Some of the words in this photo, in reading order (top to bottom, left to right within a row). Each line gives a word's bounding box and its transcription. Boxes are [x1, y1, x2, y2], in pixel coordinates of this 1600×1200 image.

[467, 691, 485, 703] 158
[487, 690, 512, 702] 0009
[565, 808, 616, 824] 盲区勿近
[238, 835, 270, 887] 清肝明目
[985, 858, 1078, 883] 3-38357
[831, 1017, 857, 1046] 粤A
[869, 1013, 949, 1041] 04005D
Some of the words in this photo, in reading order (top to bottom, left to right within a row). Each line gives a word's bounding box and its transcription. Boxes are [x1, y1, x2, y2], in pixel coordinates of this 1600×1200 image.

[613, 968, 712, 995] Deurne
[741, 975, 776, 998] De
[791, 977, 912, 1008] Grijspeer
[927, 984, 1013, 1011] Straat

• • • • • • •

Task details: Set down the listing above exactly, line for line.

Output of the exercise:
Some of the words in this photo, in reading order (top to bottom, left to right within a row). Each line gives a word's bounding box and its transcription. Boxes are [x1, y1, x2, y2], in pixel coordinates of this 1600×1200 image.

[467, 691, 485, 703] 158
[487, 690, 512, 702] 0009
[565, 808, 616, 824] 盲区勿近
[238, 835, 270, 887] 清肝明目
[985, 858, 1078, 883] 3-38357
[831, 1017, 857, 1046] 粤A
[869, 1013, 949, 1041] 04005D
Some of the words in this photo, in reading order (top to bottom, left to right within a row). Each line gives a word's bounding box and its transcription. Boxes are [x1, y1, x2, y2], in pixel coordinates of this 1600×1200 image.

[613, 968, 712, 995] Deurne
[741, 975, 776, 998] De
[791, 977, 912, 1008] Grijspeer
[927, 984, 1013, 1011] Straat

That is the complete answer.